Sie stellte sich klar auf die eine Seite des Kontinuums, innerhalb dessen Sexualität angesiedelt ist – auf die Seite der freien Sexualität innerhalb einer passionierten Liebesbeziehung, gegen Erniedrigung und Ausbeutung, wie sie in der Prostitution und der Pornografie zu finden sind, manchmal aber auch hinter scheinbar partnerschaftlicher Sexualität konventioneller Beziehungen wie der Ehe.

Eine erziehende und einschränkende Botschaft gab mir meine Grossmutter dann doch noch mit:

«Fange mit der Sexualität nicht zu früh an. Du brauchst eine gewisse Reife, um deine Entscheidungen wirklich in deinem Sinn treffen zu können.»

Zu den Vorstellungen der Gesellschaft bezüglich der sexuellen Erziehung junger Menschen wahrte meine Grossmutter einen grossen Abstand.

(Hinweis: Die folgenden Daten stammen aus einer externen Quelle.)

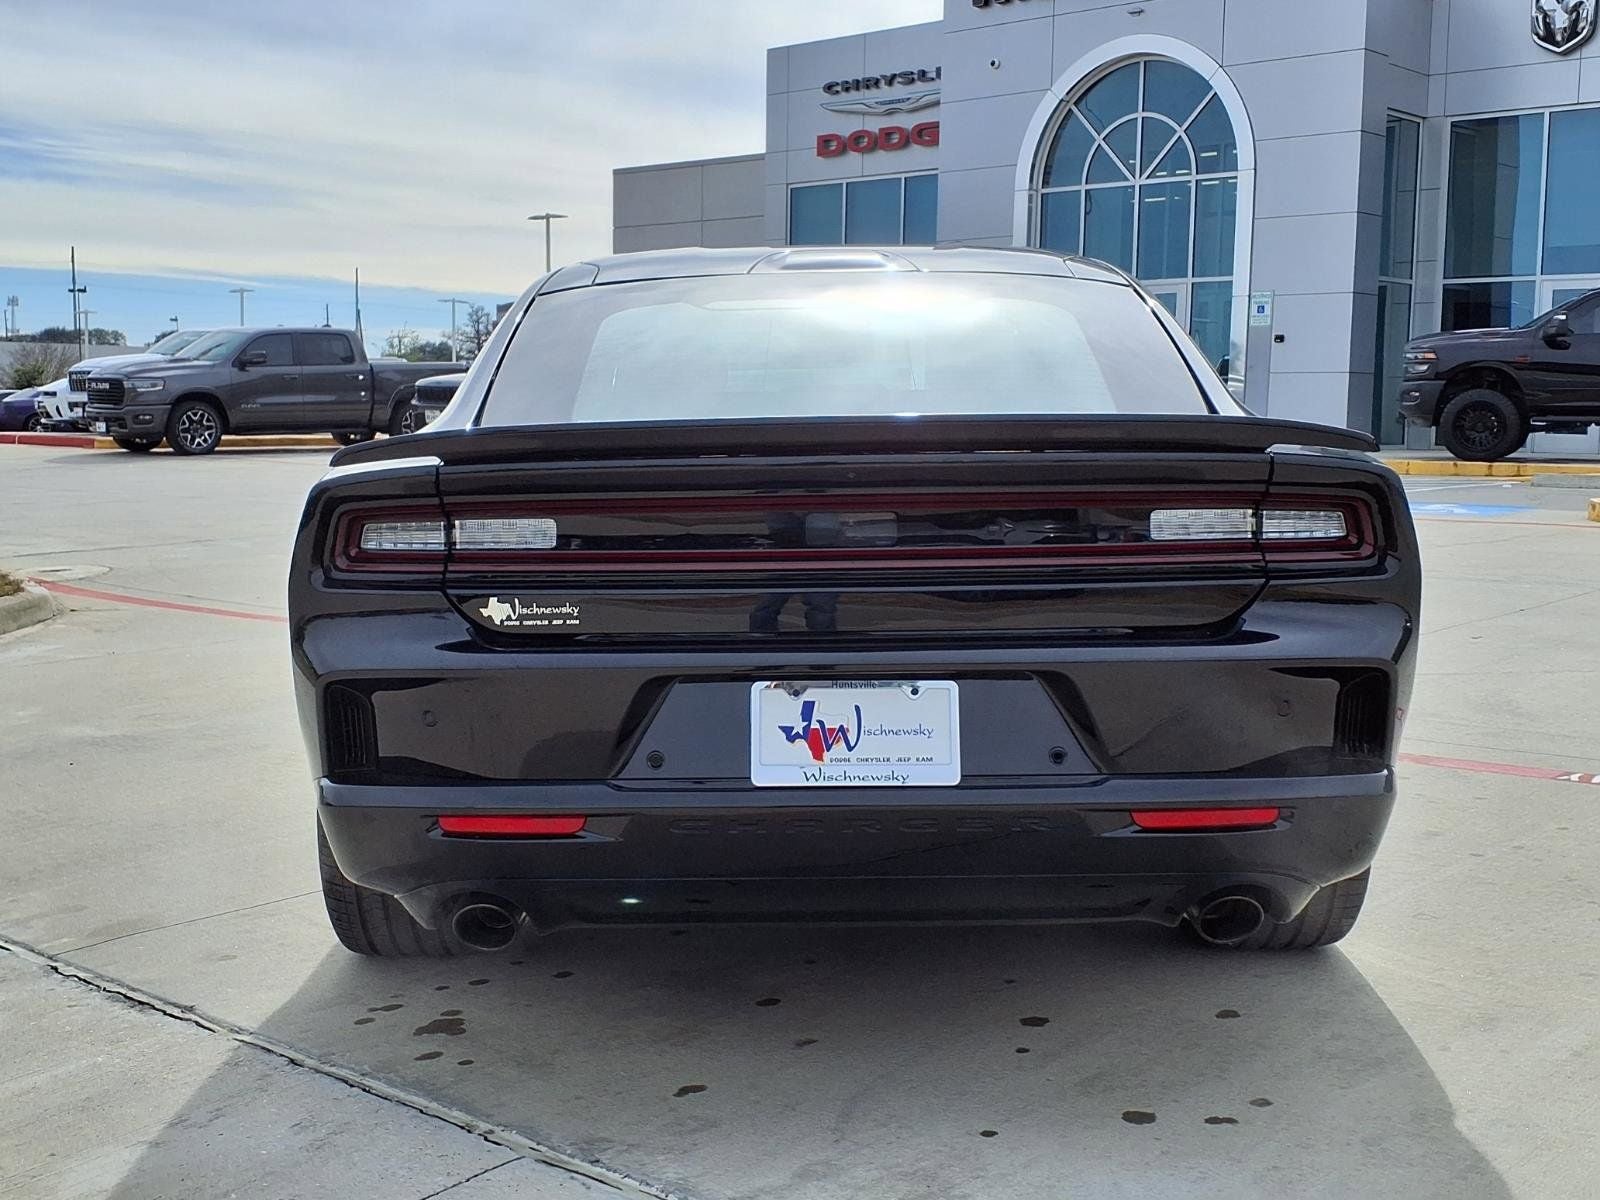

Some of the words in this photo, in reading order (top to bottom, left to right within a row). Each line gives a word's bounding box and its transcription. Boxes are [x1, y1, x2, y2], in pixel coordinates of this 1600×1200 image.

[816, 121, 939, 158] DODG
[831, 680, 878, 689] Huntsville
[816, 704, 934, 753] Wischnewsky
[803, 767, 910, 784] Wischnewsky

Aus eigener Erfahrung wusste sie, dass gesellschaftliche Normen vom Zeitgeist abhängig und demnach relativ sind. Sie erzählte lustige Anekdoten zu diesem Thema: «Als ich jung war, pflegten die Männer zu sagen, ein ‹anständiges› Mädchen müsse man spätestens um 16 Uhr im Bett haben, damit man es um 20 Uhr bei den Eltern zu Hause abliefern könne. Bei einem ‹unanständigen› Mädchen hingegen müsse man nicht drängen und könne sich Zeit lassen.»

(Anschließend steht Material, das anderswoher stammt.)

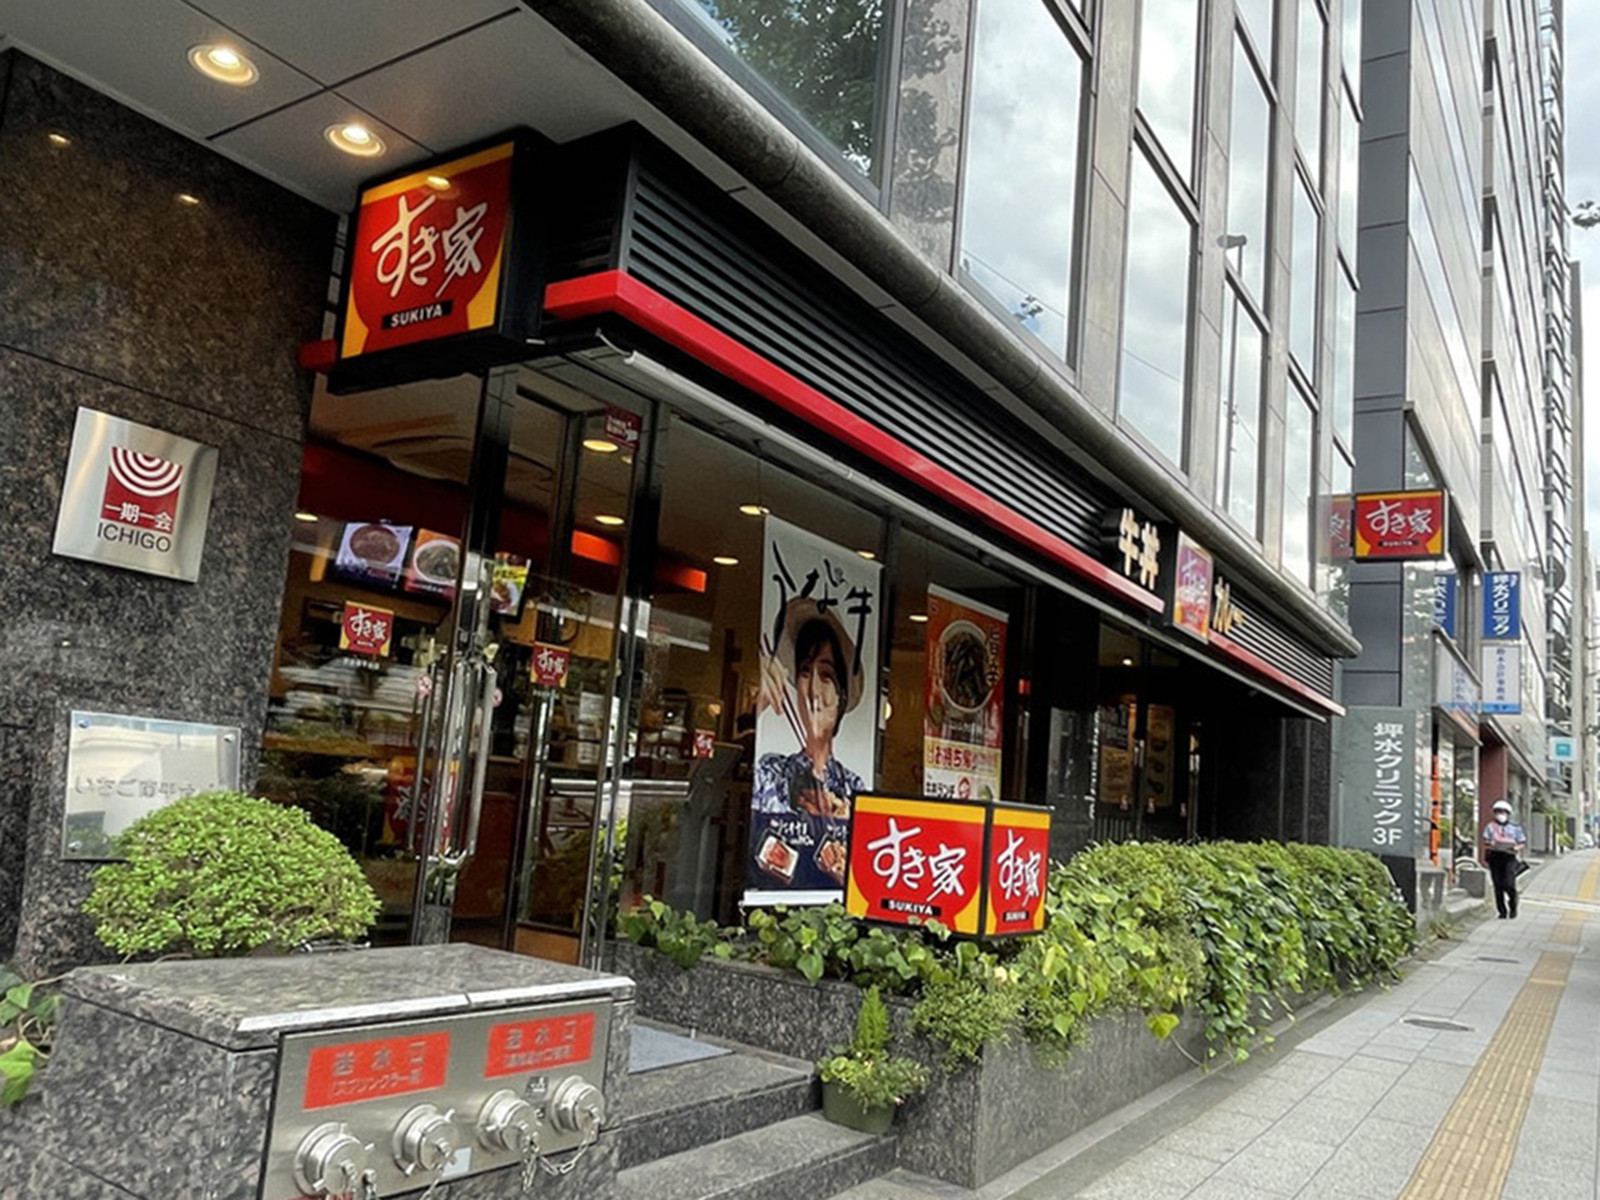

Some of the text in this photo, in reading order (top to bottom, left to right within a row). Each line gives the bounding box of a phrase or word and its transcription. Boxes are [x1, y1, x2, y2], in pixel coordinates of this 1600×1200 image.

[371, 194, 488, 298] すき家
[390, 304, 443, 327] SUKIYA
[104, 502, 173, 532] 一期一会
[1365, 500, 1433, 539] すき家
[97, 522, 171, 553] ICHIGO
[1118, 507, 1160, 590] 牛丼
[349, 608, 388, 642] すき家
[867, 817, 966, 902] すき家
[997, 828, 1041, 907] すき家
[888, 900, 934, 916] SUKIYA

Meine Grossmutter ist seit langem tot, und ihre Generation ist für unsere Zeit nicht mehr massgeblich. Die heutigen moralischen Vorstellungen und realen Möglichkeiten haben sich seit ihrer Jugend zu Beginn des 20. Jahrhunderts stark verändert.

Eine revolutionäre Veränderung brachte 1960 die Antibabypille, die es ermöglichte, das sexuelle Handeln von der potenziellen Empfängnis abzukoppeln. Sexualität war dadurch von der Fortpflanzungsfunktion weiter entfernt als je zuvor in der Geschichte der Menschheit.

Kurz darauf verabschiedete die 68er-Bewegung sich mit der Antibabypille und der politischen Opposition zum Establishment vom Ideal der monogamen ehelichen Sexualität.

Heute verbreiten die elektronischen Medien Bilder zum Thema Sexualität und Körper in einer nie dagewesenen Dichte. Werbung  – egal wofür – arbeitet mit sexueller Verführung: Sex sells! Halbbekleidete Damen in aufreizenden Posen werben für alles: ob für Autos, Schuhe, Putzmittel oder Kaugummis. Diese immerwährende mediale Präsenz sexuell aufreizender Bilder verändert das Erleben des Einzelnen auf mannigfache, oft unbewusste, schwer zu definierende Weise.

In unserer westlich industrialisierten Welt erleben wir Freiheit im politischen, ökonomischen und gesellschaftlichen Rahmen, und das in einer geschichtlichen und geografischen Ausnahmesituation. Unsere Grundbedürfnisse nach Nahrung, Wärme und körperlicher Unversehrtheit sind weitgehend gesichert, die demokratische Struktur unserer Länder garantiert uns das Recht auf Menschenwürde, auf Leben, auf Rechtsgleichheit und auf den eigenen Körper. Dies gilt auch für Minderjährige und Abhängige. Wir haben den Segen – und die Last – der Selbstbestimmung. In Bezug auf die Sexualität gilt das Motto ‹Everything goes›. Alles, was im gegenseitigen Einverständnis zweier Erwachsener stattfindet, ist erlaubt. Nur Handlungen gegen den Willen Betroffener oder mit unmündigen Kindern und anderen Abhängigen sind gesetzlich verboten.

Die rechtliche Gleichstellung der Frau in Bezug auf ihren Körper und ihre Sexualität ist geografisch und geschichtlich gesehen einmalig. Aber wie nutzen die Frauen in der westlichen Welt ihre Freiheit? Wie selbstbestimmt ist ihr Leben, wie selbstbestimmt und befriedigend ihre Sexualität, wie frei ihre Seele? Was bedeutet die gesetzliche Gleichstellung der Frau für die Sexualität des Mannes? Einen Verlust an Macht oder ebenfalls einen Gewinn an Autonomie und seelischem Wachstum? Wie wichtig ist überhaupt diese Selbstbestimmung im Sexuellen für das Gefühl von Erfüllung und Glück sowie für die psychische Gesundheit?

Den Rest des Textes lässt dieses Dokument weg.